Text-to-region grounding data:
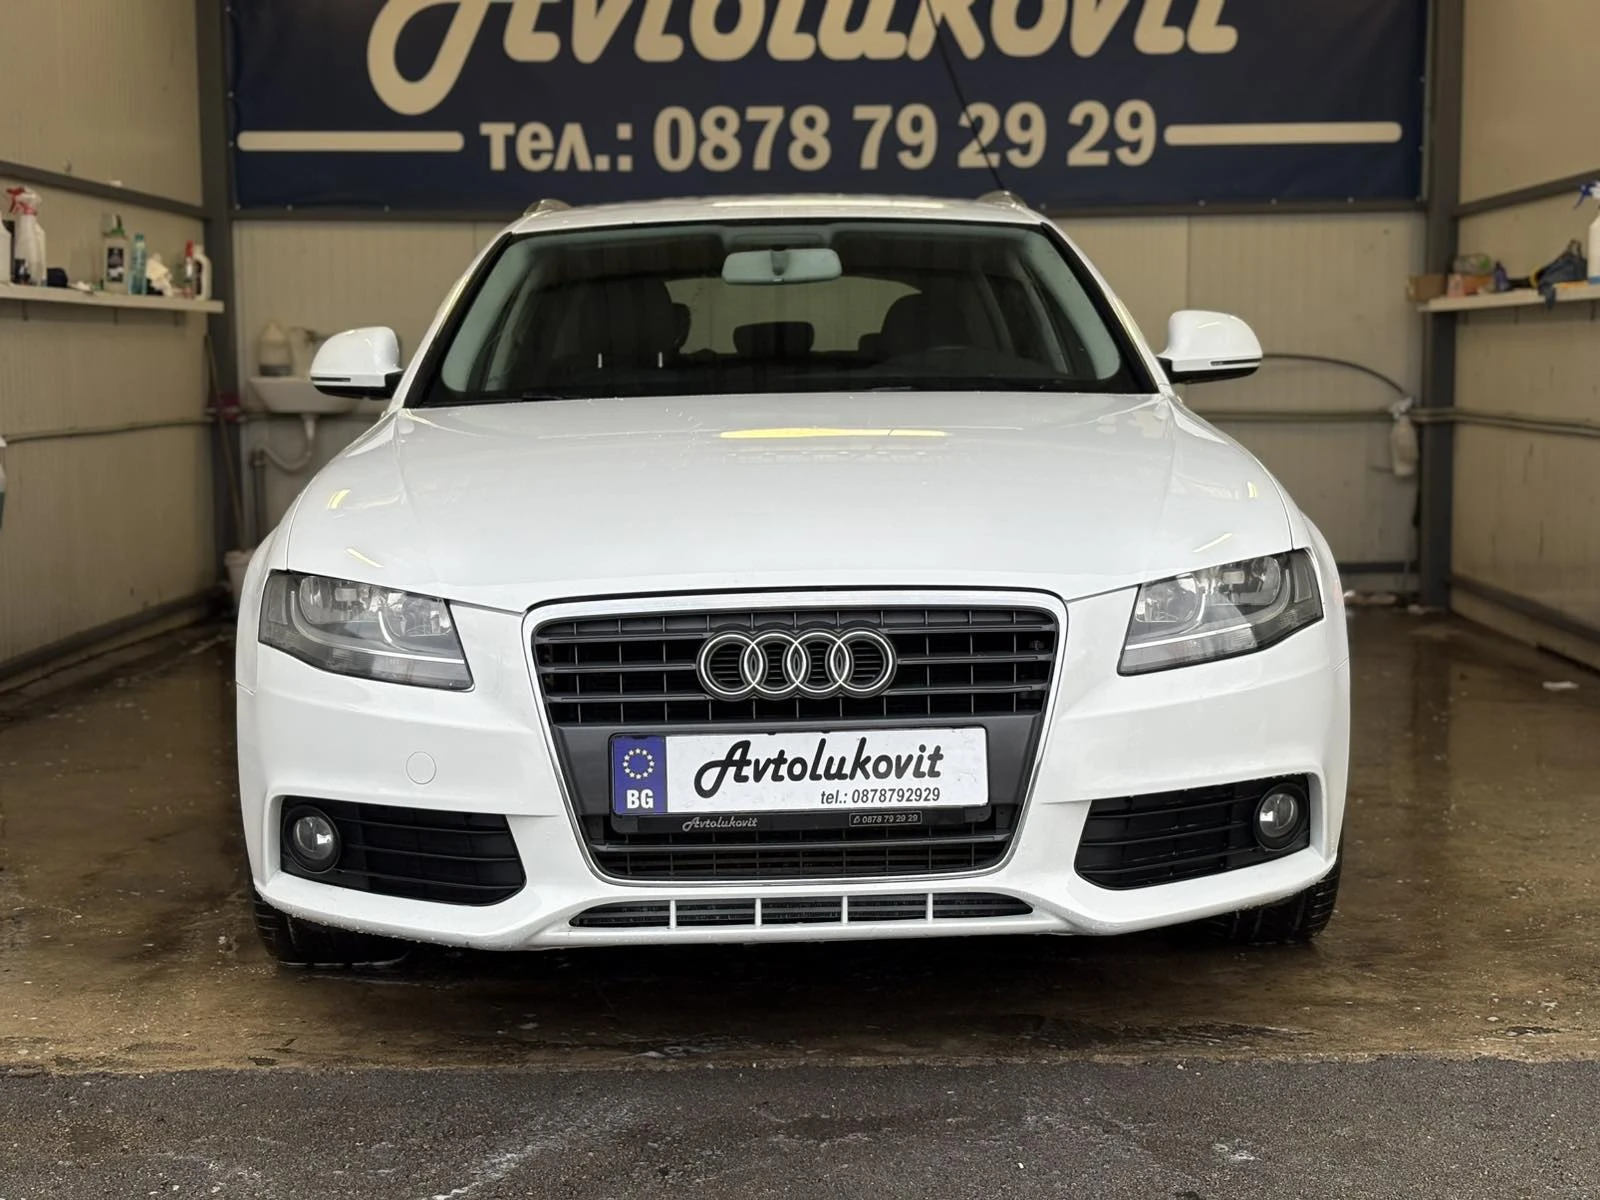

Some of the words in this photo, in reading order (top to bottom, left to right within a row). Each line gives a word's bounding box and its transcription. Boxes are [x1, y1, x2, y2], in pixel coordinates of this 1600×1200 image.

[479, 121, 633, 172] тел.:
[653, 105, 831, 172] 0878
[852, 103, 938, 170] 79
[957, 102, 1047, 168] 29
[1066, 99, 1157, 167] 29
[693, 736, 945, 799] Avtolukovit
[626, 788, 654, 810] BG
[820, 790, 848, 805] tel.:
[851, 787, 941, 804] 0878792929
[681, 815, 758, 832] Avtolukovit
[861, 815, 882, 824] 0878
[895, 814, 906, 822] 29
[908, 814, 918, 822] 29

• [WHAT IS NEEDED]:
Reproduce every line above word for word; no images.

• [COMPLETED TASK]:
Some of the words in this photo, in reading order (top to bottom, left to right within a row). Each line gives a word's bounding box and its transcription. Boxes are [x1, y1, x2, y2], in pixel coordinates of this 1600×1200 image.

[479, 121, 633, 172] тел.:
[653, 105, 831, 172] 0878
[852, 103, 938, 170] 79
[957, 102, 1047, 168] 29
[1066, 99, 1157, 167] 29
[693, 736, 945, 799] Avtolukovit
[626, 788, 654, 810] BG
[820, 790, 848, 805] tel.:
[851, 787, 941, 804] 0878792929
[681, 815, 758, 832] Avtolukovit
[861, 815, 882, 824] 0878
[895, 814, 906, 822] 29
[908, 814, 918, 822] 29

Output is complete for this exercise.